▶ WHAT THE EXERCISE ASKS
In the copy, include every entry exactly but none of its images.

▶ DATASET RECORDS
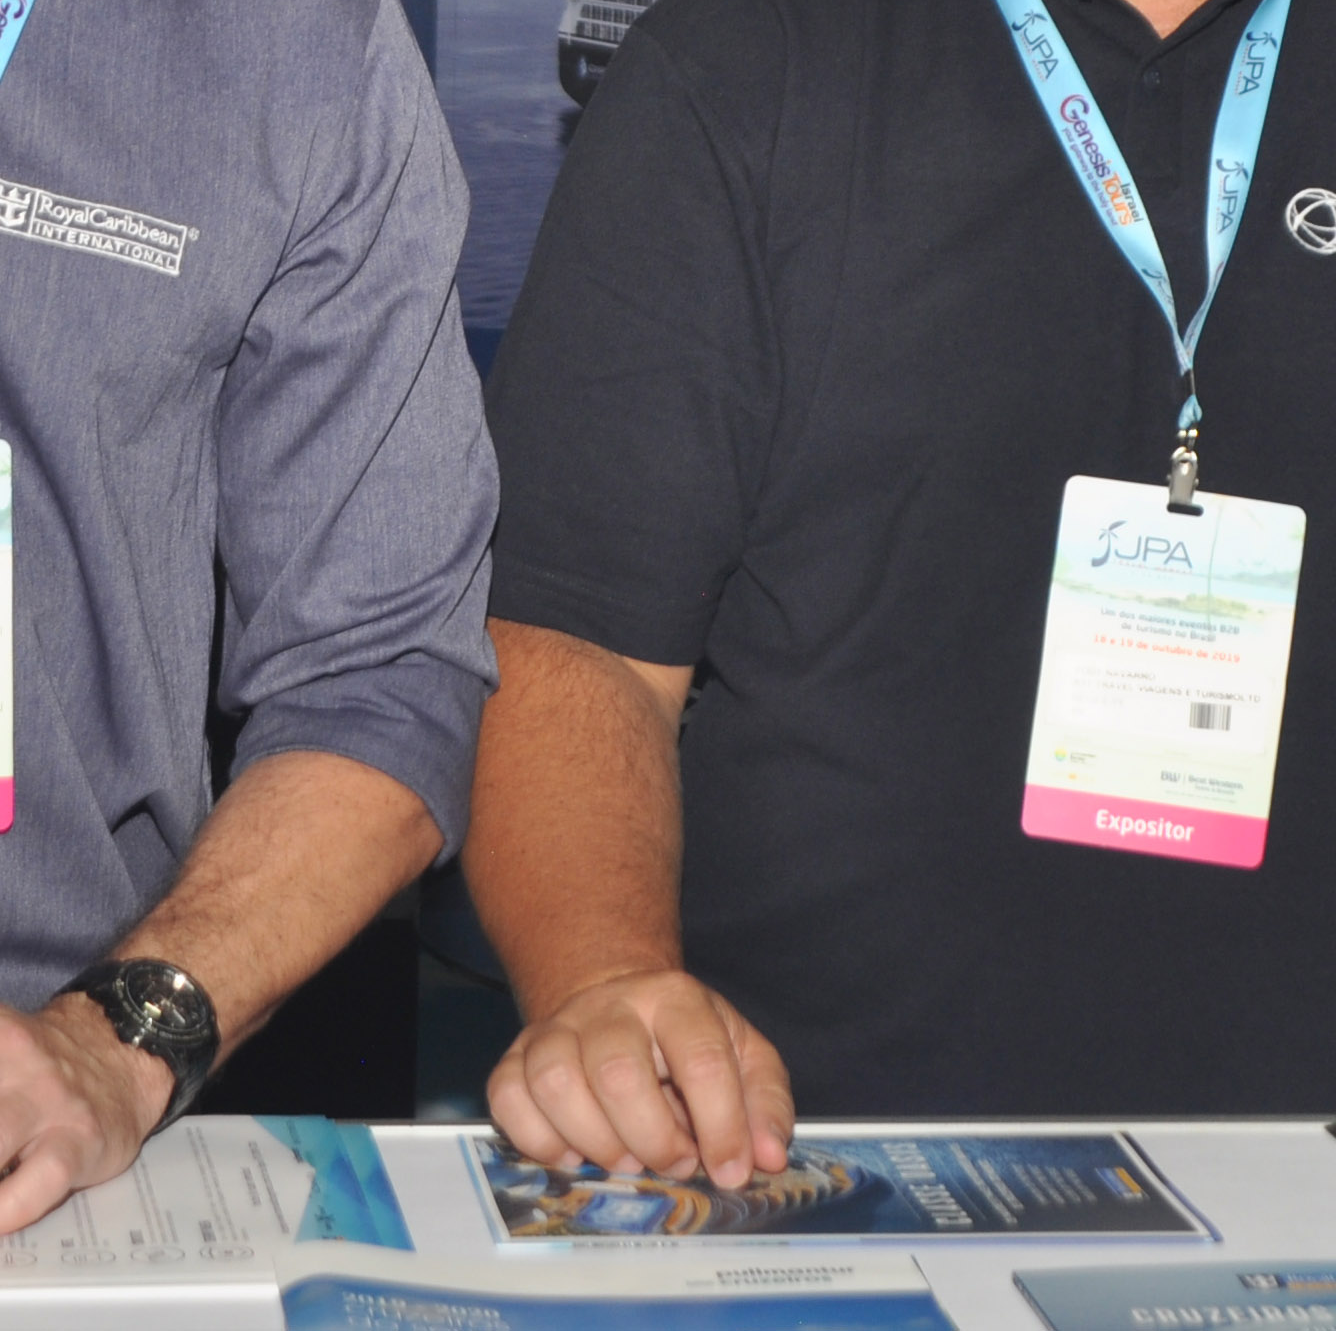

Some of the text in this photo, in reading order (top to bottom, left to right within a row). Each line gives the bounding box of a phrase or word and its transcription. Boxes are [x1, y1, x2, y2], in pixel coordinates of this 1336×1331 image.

[1024, 25, 1060, 80] JPA
[1238, 44, 1267, 96] JPA
[1060, 94, 1134, 227] Genesis Tours
[1120, 182, 1145, 223] Israel
[1217, 175, 1239, 235] JPA
[35, 222, 175, 270] INTERNATIONAL
[1114, 535, 1193, 569] JPA
[1095, 809, 1195, 842] Expositor
[1130, 1304, 1334, 1326] CRUZEIROS
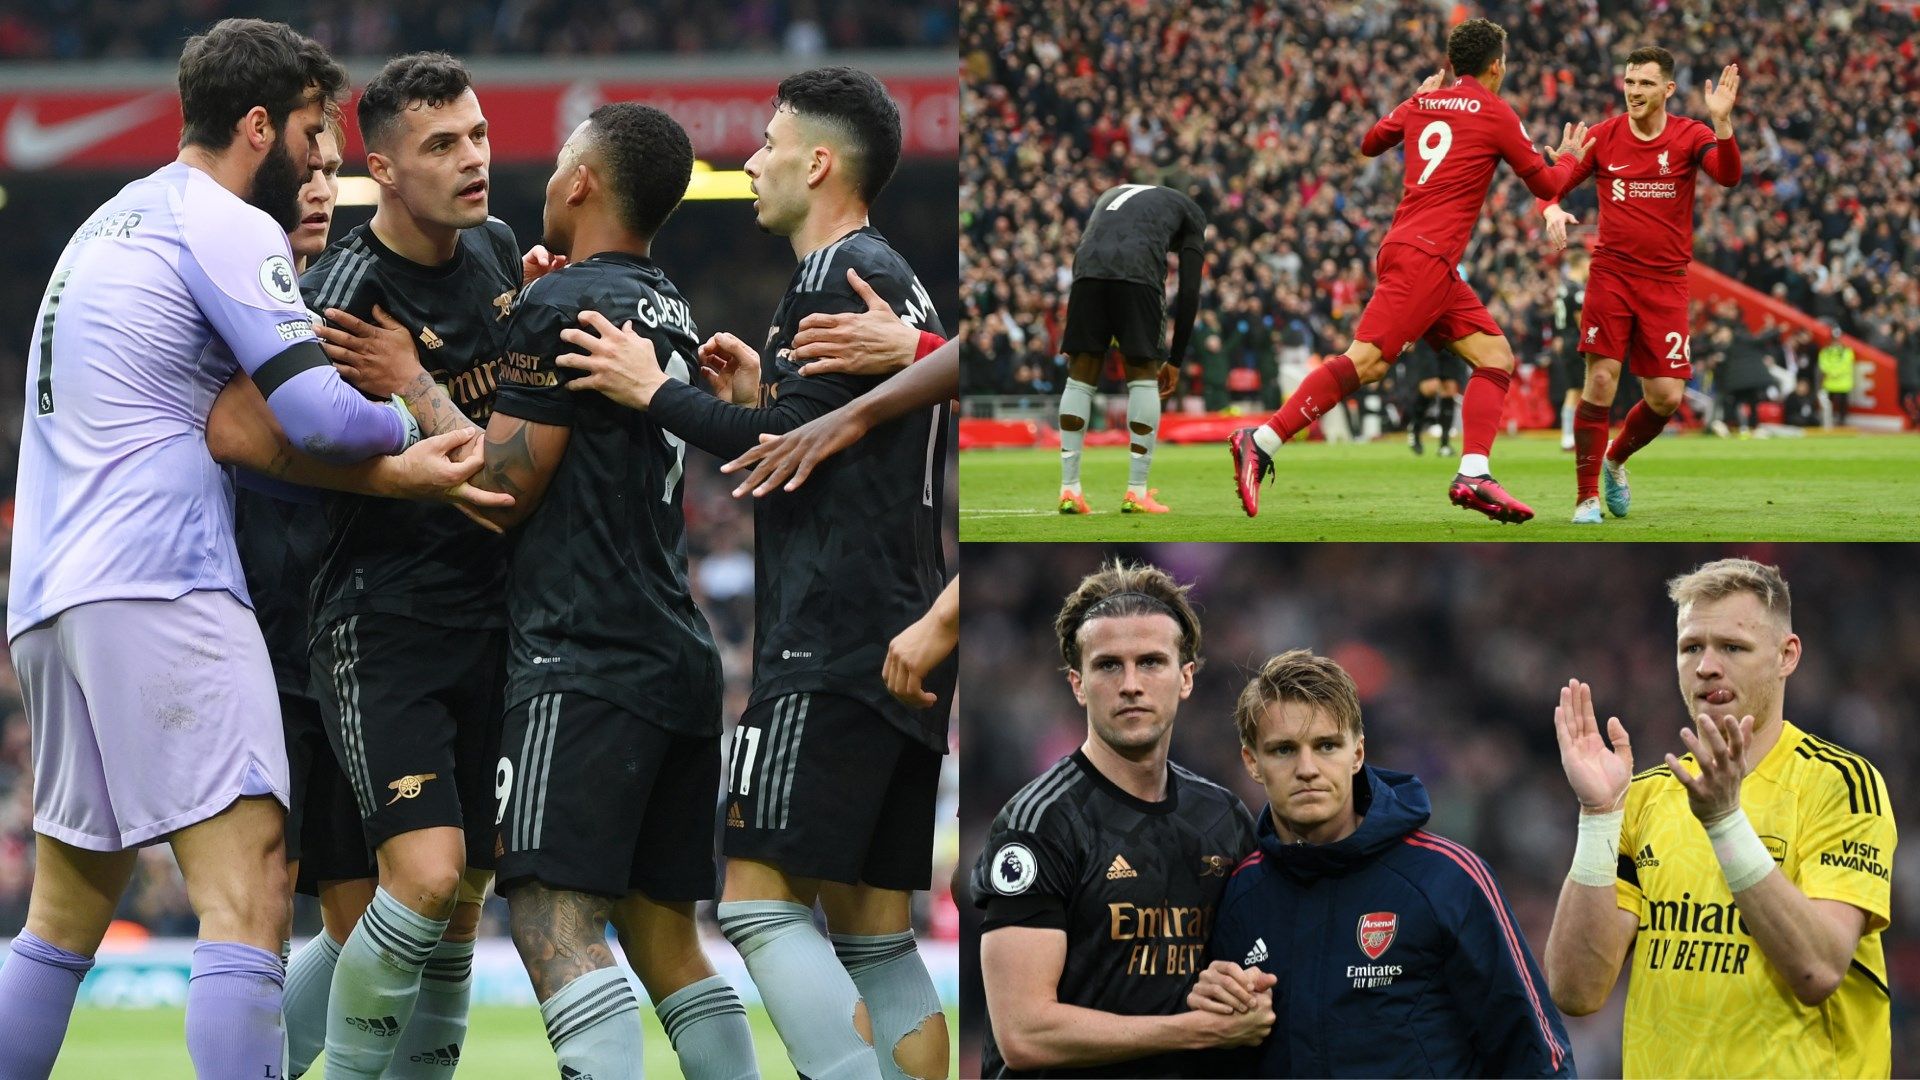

▶ RESULT FOR THIS TASK
Some of the text in this photo, in reading order (top to bottom, left to right within a row). Each line gives the bounding box of a phrase or word and its transcription. Boxes are [x1, y1, x2, y2], in pixel coordinates of this 1336×1331 image.

[1024, 25, 1060, 80] JPA
[1238, 44, 1267, 96] JPA
[1060, 94, 1134, 227] Genesis Tours
[1120, 182, 1145, 223] Israel
[1217, 175, 1239, 235] JPA
[35, 222, 175, 270] INTERNATIONAL
[1114, 535, 1193, 569] JPA
[1095, 809, 1195, 842] Expositor
[1130, 1304, 1334, 1326] CRUZEIROS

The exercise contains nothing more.